## AIM OF THE TASK:
Repeat the following entries exactly, excluding pictures.

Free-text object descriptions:
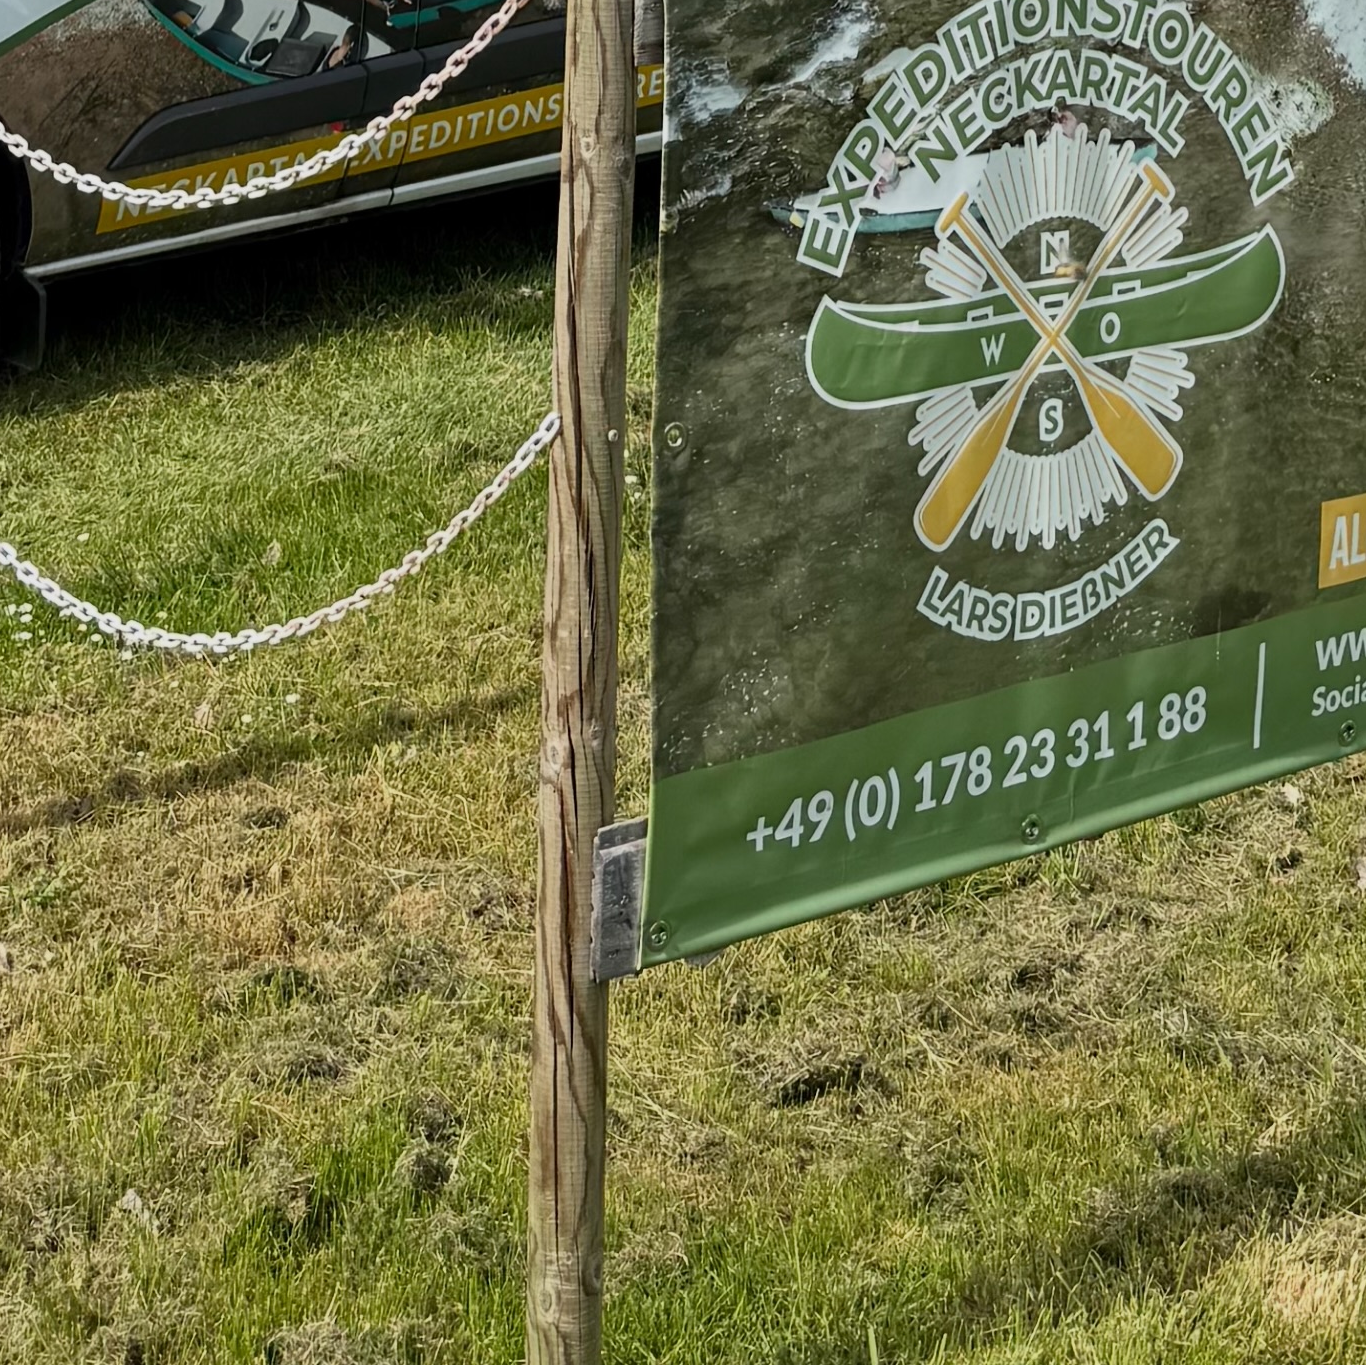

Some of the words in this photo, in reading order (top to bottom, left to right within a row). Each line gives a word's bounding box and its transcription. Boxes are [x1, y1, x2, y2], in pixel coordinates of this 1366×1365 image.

[908, 49, 1190, 182] NECKARTAL
[1043, 233, 1066, 270] N
[981, 332, 1005, 367] W
[1100, 312, 1121, 344] O
[1042, 402, 1060, 437] S
[920, 570, 1012, 638] LARS
[746, 790, 834, 851] +49
[845, 767, 900, 842] (0)
[914, 745, 992, 812] 178
[1002, 728, 1055, 788] 23
[1065, 711, 1114, 768] 31
[1126, 701, 1148, 751] 1
[1157, 686, 1207, 740] 88

## ANSWER BELOW:
Some of the words in this photo, in reading order (top to bottom, left to right within a row). Each line gives a word's bounding box and its transcription. Boxes are [x1, y1, x2, y2], in pixel coordinates of this 1366×1365 image.

[908, 49, 1190, 182] NECKARTAL
[1043, 233, 1066, 270] N
[981, 332, 1005, 367] W
[1100, 312, 1121, 344] O
[1042, 402, 1060, 437] S
[920, 570, 1012, 638] LARS
[746, 790, 834, 851] +49
[845, 767, 900, 842] (0)
[914, 745, 992, 812] 178
[1002, 728, 1055, 788] 23
[1065, 711, 1114, 768] 31
[1126, 701, 1148, 751] 1
[1157, 686, 1207, 740] 88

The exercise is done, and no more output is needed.